The IT (information technology) community is up in arms about this one – because if you do work on-line or get e-mail, there’s almost no way you can avoid coming up against this problem. There are a couple of things you can do now – specifically, disabling Windows Fax and Picture Viewer.

Someone (more likely lots of people) at Microsoft Central has had some late nights this week, you can be sure of that. And if a patch hasn’t been developed yet (I write these columns about a week in advance), sooner or later one will be.

This site will have details of when and where to download a patch, if you’re not set up with automatic updates). But once again, MS is behind the 8 ball, giving Mac and Linux users more stuff to snigger at (believe me, sniggering at Microsoft is high on the agenda for both crowds).

Wouldn’t it be great if you could anticipate these things in advance – or at least be on the cutting edge of security developments, so you can computer in peace without having to worry about what to click on or view? How would you like to have a seasoned staff of volunteers check out your system and keep it up to date with the latest fixes? For free? You’d like that, wouldn’t you? Well, check out this column soon for details!

Dennis Turner

Update on WMF Patch:

On Thursday (1/12), Microsoft released a patch for the vulnerability 5 days ahead of schedule. All indications are that the patch works well, but Microsoft only released a patch for Windows 2000, Windows XP, and Windows Server 2003. Virtually all earlier versions of Windows remain vulnerable in one degree or another. See the Microsoft Security Advisory for links to specific patches or use Windows Update.

Microsoft states that earlier versions of Windows, including Windows ME and Windows 98, are not critically affected by this vulnerability because there is no attack vector that is easily available, as there is with Windows XP.

They might have said the same thing for Windows 2000, which also lacks a default component that could allow exploitation, but Windows 2000’s place as a current, mainstream product likely made it more important to Microsoft.

While there are strong mitigating factors and effective workarounds for this vulnerability, Microsoft strongly recommends installing it as soon as possible.

Note on Microsoft Patch Advance Notification:

Microsoft went “out of cycle” for the WMF patch that they released this week, but they had other patches that they had scheduled for release this month.

Under the regular patch cycle, Microsoft releases security bulletins and patches for them midday on the second Tuesday of the month.
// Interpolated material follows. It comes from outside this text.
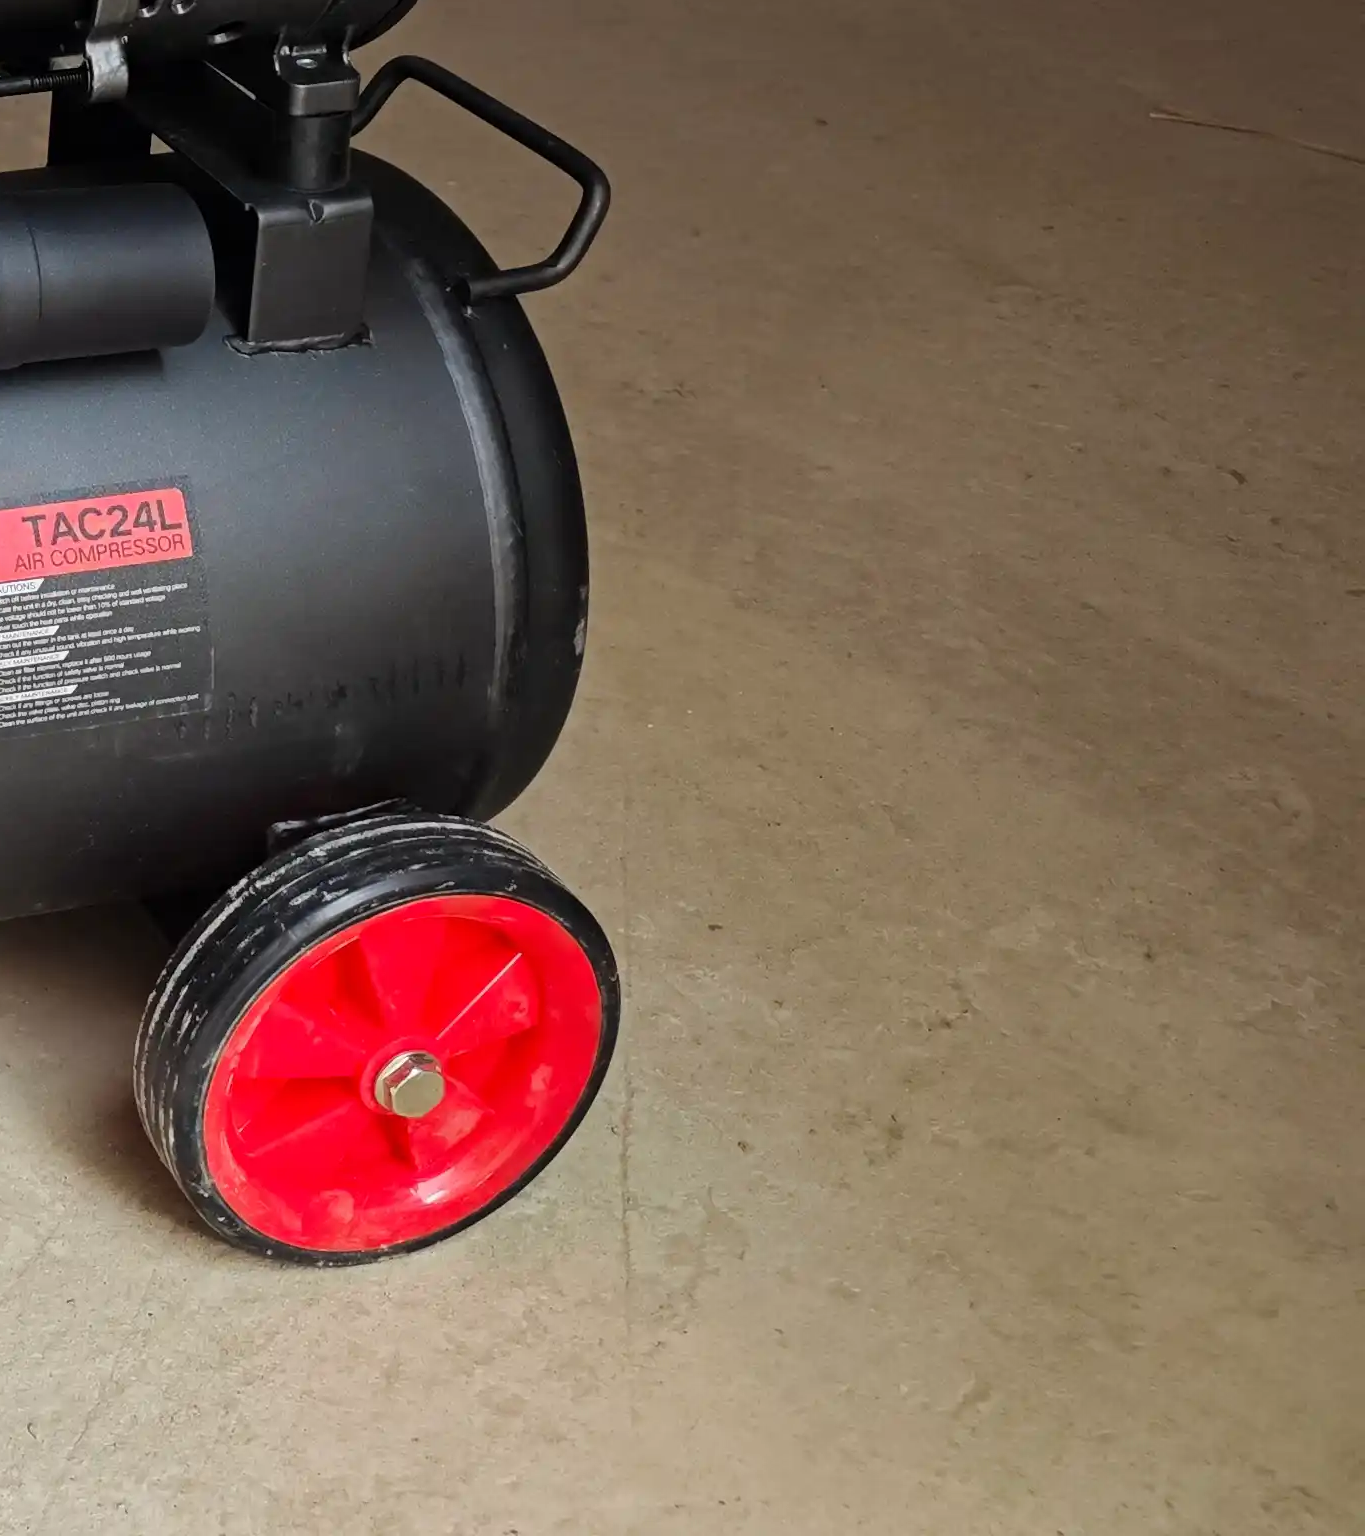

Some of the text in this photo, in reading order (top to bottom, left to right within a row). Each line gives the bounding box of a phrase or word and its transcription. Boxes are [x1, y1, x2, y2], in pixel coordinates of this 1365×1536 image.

On the Thursday before (actually, three business days before) they release a limited advance notice about the patches, and that notice is always at this address.

According to the current advance notice plan, on Tuesday, Microsoft will release two “Critical” security updates, one for Windows and one “affecting Microsoft Exchange and Microsoft Office.” Both updates may require a reboot of the computer. The patches will be available as explicit downloads for each platform they affect and through Windows Update and Microsoft Update.

In addition, it appears that Microsoft will release a number of non-security updates which are, nevertheless, labeled “High-Priority.”